First-years Sam McCormick and Caitlyn Councilman both mentioned the appeal of the Quaker community and the small atmosphere as part of the charm.

“I really like exploring the library here,” said McCormick. “The first floor is beautiful.”

Despite these features, admission numbers have been on a steady decline for the past few years, and this incoming class is not the start to our much-needed reboot.

Guilford is attempting to spread its appeal to as many students as possible.

“The president is really focused on increasing enrollment and making sure that we’re recruiting and enrolling students who are a good fit for Guilford,” said Cash. “This is a very important time in (their) lives and we want to make it memorable in a very positive way.”

For a future admissions boost, the President Jane Fernandes and the admissions office have a plan.

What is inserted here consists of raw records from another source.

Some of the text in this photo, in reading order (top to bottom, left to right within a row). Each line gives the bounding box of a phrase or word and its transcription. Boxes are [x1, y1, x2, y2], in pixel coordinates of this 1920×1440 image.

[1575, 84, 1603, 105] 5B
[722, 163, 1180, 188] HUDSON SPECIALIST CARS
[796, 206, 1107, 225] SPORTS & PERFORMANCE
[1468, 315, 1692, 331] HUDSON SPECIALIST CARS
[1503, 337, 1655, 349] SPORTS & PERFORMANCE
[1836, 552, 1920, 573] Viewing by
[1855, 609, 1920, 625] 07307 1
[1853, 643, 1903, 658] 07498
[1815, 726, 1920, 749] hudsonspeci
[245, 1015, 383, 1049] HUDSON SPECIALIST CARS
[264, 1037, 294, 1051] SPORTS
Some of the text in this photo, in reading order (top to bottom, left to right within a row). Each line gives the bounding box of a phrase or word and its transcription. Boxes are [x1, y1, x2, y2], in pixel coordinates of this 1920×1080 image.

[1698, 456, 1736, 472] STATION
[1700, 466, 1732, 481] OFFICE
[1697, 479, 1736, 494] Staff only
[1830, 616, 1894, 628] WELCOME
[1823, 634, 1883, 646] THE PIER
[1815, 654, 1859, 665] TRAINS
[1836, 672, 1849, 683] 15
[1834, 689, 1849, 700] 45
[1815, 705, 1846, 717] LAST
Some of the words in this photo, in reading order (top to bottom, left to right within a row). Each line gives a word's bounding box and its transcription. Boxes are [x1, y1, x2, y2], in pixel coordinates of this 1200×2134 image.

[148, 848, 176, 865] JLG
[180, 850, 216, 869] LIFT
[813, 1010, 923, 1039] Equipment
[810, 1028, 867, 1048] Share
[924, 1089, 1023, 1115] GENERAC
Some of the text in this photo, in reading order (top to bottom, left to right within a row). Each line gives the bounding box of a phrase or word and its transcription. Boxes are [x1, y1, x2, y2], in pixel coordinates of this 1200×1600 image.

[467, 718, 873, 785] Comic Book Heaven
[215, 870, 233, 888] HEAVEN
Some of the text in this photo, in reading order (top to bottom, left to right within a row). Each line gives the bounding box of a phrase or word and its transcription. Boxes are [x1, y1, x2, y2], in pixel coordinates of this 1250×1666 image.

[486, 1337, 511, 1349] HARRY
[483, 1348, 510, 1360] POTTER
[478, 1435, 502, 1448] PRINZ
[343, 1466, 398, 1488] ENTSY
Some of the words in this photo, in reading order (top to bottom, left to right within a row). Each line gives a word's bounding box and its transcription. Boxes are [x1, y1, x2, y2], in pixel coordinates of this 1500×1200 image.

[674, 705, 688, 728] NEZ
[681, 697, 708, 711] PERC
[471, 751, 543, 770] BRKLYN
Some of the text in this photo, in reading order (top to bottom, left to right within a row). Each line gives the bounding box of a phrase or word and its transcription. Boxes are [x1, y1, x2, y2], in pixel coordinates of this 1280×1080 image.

“We will reach out to young people in areas of the country where we have not traditionally done so and recruit new pools of students to Guilford,” said Fernandes in an email interview. “We are working to make Guilford as affordable as possible and (ensure) that the value of the investment a family makes in this College results not only in graduates who are critical thinkers but in ones who are prepared for immediate employment or graduate school.”

Another strategy for recruiting new students is getting Guilford’s name out there earlier.

“We hadn’t really focused on (the students coming in this fall) until they were high school seniors,” said Cash. “Other schools do a great job also of personalizing, so we have to do better than just keeping up with our competition. They’re eating us for lunch, unfortunately.”

For Fernandes, recruitment is about showing students the opportunities that come with getting a Guilford degree.

“We have a powerful story to tell about student outcomes, and we will make a strong appeal to students and families who will benefit from a Guilford education and want to invest in it,” said Fernandes.